• Listed entries:
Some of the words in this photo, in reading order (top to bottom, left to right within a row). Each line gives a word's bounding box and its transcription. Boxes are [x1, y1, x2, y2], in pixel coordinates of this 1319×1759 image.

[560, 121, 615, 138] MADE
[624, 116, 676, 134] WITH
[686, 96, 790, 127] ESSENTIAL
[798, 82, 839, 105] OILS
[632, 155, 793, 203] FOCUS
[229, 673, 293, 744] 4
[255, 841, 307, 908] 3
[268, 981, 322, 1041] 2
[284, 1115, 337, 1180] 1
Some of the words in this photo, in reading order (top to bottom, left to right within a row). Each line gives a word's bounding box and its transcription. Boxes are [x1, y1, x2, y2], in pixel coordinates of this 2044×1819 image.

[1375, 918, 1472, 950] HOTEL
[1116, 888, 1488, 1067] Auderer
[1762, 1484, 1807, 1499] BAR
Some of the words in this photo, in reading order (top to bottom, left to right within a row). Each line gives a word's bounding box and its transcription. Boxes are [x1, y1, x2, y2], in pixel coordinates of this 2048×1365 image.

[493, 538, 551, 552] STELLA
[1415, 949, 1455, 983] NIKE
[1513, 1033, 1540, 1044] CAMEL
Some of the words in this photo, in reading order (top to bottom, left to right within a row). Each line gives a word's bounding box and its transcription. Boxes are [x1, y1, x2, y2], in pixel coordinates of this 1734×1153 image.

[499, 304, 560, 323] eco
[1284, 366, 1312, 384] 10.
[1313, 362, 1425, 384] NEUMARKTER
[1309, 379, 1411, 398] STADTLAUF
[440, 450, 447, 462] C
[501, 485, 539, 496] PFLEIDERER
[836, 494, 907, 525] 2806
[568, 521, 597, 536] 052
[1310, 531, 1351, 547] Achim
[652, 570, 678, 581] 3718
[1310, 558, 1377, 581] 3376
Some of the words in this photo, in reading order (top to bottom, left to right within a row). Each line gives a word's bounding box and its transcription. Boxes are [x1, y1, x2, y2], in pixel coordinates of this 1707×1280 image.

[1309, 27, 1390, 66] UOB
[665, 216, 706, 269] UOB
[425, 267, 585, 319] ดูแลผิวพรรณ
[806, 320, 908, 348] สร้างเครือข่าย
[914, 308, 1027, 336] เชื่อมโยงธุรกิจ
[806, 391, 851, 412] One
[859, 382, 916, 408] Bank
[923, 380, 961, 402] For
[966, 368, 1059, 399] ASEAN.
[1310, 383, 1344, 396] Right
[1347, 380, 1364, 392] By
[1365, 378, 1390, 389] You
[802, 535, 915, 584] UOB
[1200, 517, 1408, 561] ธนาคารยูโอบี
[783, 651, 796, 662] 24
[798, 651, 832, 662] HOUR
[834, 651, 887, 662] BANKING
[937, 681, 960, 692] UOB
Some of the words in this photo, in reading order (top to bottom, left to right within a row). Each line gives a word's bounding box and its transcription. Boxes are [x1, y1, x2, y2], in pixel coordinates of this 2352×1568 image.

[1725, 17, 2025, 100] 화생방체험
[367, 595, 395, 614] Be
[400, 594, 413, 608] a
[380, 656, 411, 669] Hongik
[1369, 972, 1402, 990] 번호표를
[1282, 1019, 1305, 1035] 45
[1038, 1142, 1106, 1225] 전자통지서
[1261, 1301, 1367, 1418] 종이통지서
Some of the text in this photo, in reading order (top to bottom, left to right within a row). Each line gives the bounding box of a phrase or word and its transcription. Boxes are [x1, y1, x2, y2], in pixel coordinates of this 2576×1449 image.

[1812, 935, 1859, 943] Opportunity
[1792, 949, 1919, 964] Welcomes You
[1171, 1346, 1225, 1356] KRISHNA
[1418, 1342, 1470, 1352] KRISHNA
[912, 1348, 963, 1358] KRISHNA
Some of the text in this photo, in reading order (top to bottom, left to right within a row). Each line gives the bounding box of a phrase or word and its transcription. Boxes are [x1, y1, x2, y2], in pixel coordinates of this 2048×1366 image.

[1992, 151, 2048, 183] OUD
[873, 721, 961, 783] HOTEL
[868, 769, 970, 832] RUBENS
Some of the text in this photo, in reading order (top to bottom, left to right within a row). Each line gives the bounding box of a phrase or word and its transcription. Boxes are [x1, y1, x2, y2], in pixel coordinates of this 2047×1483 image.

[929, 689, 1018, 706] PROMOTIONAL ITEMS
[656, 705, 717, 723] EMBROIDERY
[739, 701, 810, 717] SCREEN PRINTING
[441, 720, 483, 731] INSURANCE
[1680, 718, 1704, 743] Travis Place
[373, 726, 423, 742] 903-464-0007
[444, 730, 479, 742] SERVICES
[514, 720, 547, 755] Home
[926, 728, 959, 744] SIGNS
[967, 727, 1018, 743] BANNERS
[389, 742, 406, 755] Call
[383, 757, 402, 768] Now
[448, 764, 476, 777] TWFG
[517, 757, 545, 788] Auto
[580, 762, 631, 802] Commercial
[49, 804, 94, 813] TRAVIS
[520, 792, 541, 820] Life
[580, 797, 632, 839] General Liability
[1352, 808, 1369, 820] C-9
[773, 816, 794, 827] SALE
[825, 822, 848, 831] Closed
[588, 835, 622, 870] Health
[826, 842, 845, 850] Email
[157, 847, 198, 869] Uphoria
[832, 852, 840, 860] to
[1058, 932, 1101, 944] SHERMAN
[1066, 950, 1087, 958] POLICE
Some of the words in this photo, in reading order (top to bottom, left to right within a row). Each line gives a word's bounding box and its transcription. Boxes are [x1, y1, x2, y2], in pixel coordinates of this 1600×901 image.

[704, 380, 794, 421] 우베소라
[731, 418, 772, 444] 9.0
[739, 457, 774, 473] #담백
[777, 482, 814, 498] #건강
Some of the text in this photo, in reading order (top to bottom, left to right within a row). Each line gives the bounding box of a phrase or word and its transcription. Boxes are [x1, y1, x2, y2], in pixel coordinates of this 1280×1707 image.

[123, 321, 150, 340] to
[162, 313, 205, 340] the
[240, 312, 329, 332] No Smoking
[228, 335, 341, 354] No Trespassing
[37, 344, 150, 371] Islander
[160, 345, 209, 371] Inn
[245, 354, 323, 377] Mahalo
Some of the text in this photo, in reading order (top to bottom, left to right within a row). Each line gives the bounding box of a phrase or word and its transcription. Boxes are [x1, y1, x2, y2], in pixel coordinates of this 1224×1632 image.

• Work task: All of the material above needs to be transcribed verbatim.

• Solution for this problem:
Some of the words in this photo, in reading order (top to bottom, left to right within a row). Each line gives a word's bounding box and its transcription. Boxes are [x1, y1, x2, y2], in pixel coordinates of this 1319×1759 image.

[560, 121, 615, 138] MADE
[624, 116, 676, 134] WITH
[686, 96, 790, 127] ESSENTIAL
[798, 82, 839, 105] OILS
[632, 155, 793, 203] FOCUS
[229, 673, 293, 744] 4
[255, 841, 307, 908] 3
[268, 981, 322, 1041] 2
[284, 1115, 337, 1180] 1
Some of the words in this photo, in reading order (top to bottom, left to right within a row). Each line gives a word's bounding box and its transcription. Boxes are [x1, y1, x2, y2], in pixel coordinates of this 2044×1819 image.

[1375, 918, 1472, 950] HOTEL
[1116, 888, 1488, 1067] Auderer
[1762, 1484, 1807, 1499] BAR
Some of the words in this photo, in reading order (top to bottom, left to right within a row). Each line gives a word's bounding box and its transcription. Boxes are [x1, y1, x2, y2], in pixel coordinates of this 2048×1365 image.

[493, 538, 551, 552] STELLA
[1415, 949, 1455, 983] NIKE
[1513, 1033, 1540, 1044] CAMEL
Some of the words in this photo, in reading order (top to bottom, left to right within a row). Each line gives a word's bounding box and its transcription. Boxes are [x1, y1, x2, y2], in pixel coordinates of this 1734×1153 image.

[499, 304, 560, 323] eco
[1284, 366, 1312, 384] 10.
[1313, 362, 1425, 384] NEUMARKTER
[1309, 379, 1411, 398] STADTLAUF
[440, 450, 447, 462] C
[501, 485, 539, 496] PFLEIDERER
[836, 494, 907, 525] 2806
[568, 521, 597, 536] 052
[1310, 531, 1351, 547] Achim
[652, 570, 678, 581] 3718
[1310, 558, 1377, 581] 3376
Some of the words in this photo, in reading order (top to bottom, left to right within a row). Each line gives a word's bounding box and its transcription. Boxes are [x1, y1, x2, y2], in pixel coordinates of this 1707×1280 image.

[1309, 27, 1390, 66] UOB
[665, 216, 706, 269] UOB
[425, 267, 585, 319] ดูแลผิวพรรณ
[806, 320, 908, 348] สร้างเครือข่าย
[914, 308, 1027, 336] เชื่อมโยงธุรกิจ
[806, 391, 851, 412] One
[859, 382, 916, 408] Bank
[923, 380, 961, 402] For
[966, 368, 1059, 399] ASEAN.
[1310, 383, 1344, 396] Right
[1347, 380, 1364, 392] By
[1365, 378, 1390, 389] You
[802, 535, 915, 584] UOB
[1200, 517, 1408, 561] ธนาคารยูโอบี
[783, 651, 796, 662] 24
[798, 651, 832, 662] HOUR
[834, 651, 887, 662] BANKING
[937, 681, 960, 692] UOB
Some of the words in this photo, in reading order (top to bottom, left to right within a row). Each line gives a word's bounding box and its transcription. Boxes are [x1, y1, x2, y2], in pixel coordinates of this 2352×1568 image.

[1725, 17, 2025, 100] 화생방체험
[367, 595, 395, 614] Be
[400, 594, 413, 608] a
[380, 656, 411, 669] Hongik
[1369, 972, 1402, 990] 번호표를
[1282, 1019, 1305, 1035] 45
[1038, 1142, 1106, 1225] 전자통지서
[1261, 1301, 1367, 1418] 종이통지서
Some of the text in this photo, in reading order (top to bottom, left to right within a row). Each line gives the bounding box of a phrase or word and its transcription. Boxes are [x1, y1, x2, y2], in pixel coordinates of this 2576×1449 image.

[1812, 935, 1859, 943] Opportunity
[1792, 949, 1919, 964] Welcomes You
[1171, 1346, 1225, 1356] KRISHNA
[1418, 1342, 1470, 1352] KRISHNA
[912, 1348, 963, 1358] KRISHNA
Some of the text in this photo, in reading order (top to bottom, left to right within a row). Each line gives the bounding box of a phrase or word and its transcription. Boxes are [x1, y1, x2, y2], in pixel coordinates of this 2048×1366 image.

[1992, 151, 2048, 183] OUD
[873, 721, 961, 783] HOTEL
[868, 769, 970, 832] RUBENS
Some of the text in this photo, in reading order (top to bottom, left to right within a row). Each line gives the bounding box of a phrase or word and its transcription. Boxes are [x1, y1, x2, y2], in pixel coordinates of this 2047×1483 image.

[929, 689, 1018, 706] PROMOTIONAL ITEMS
[656, 705, 717, 723] EMBROIDERY
[739, 701, 810, 717] SCREEN PRINTING
[441, 720, 483, 731] INSURANCE
[1680, 718, 1704, 743] Travis Place
[373, 726, 423, 742] 903-464-0007
[444, 730, 479, 742] SERVICES
[514, 720, 547, 755] Home
[926, 728, 959, 744] SIGNS
[967, 727, 1018, 743] BANNERS
[389, 742, 406, 755] Call
[383, 757, 402, 768] Now
[448, 764, 476, 777] TWFG
[517, 757, 545, 788] Auto
[580, 762, 631, 802] Commercial
[49, 804, 94, 813] TRAVIS
[520, 792, 541, 820] Life
[580, 797, 632, 839] General Liability
[1352, 808, 1369, 820] C-9
[773, 816, 794, 827] SALE
[825, 822, 848, 831] Closed
[588, 835, 622, 870] Health
[826, 842, 845, 850] Email
[157, 847, 198, 869] Uphoria
[832, 852, 840, 860] to
[1058, 932, 1101, 944] SHERMAN
[1066, 950, 1087, 958] POLICE
Some of the words in this photo, in reading order (top to bottom, left to right within a row). Each line gives a word's bounding box and its transcription. Boxes are [x1, y1, x2, y2], in pixel coordinates of this 1600×901 image.

[704, 380, 794, 421] 우베소라
[731, 418, 772, 444] 9.0
[739, 457, 774, 473] #담백
[777, 482, 814, 498] #건강
Some of the text in this photo, in reading order (top to bottom, left to right within a row). Each line gives the bounding box of a phrase or word and its transcription. Boxes are [x1, y1, x2, y2], in pixel coordinates of this 1280×1707 image.

[123, 321, 150, 340] to
[162, 313, 205, 340] the
[240, 312, 329, 332] No Smoking
[228, 335, 341, 354] No Trespassing
[37, 344, 150, 371] Islander
[160, 345, 209, 371] Inn
[245, 354, 323, 377] Mahalo
Some of the text in this photo, in reading order (top to bottom, left to right within a row). Each line gives the bounding box of a phrase or word and its transcription. Boxes are [x1, y1, x2, y2], in pixel coordinates of this 1224×1632 image.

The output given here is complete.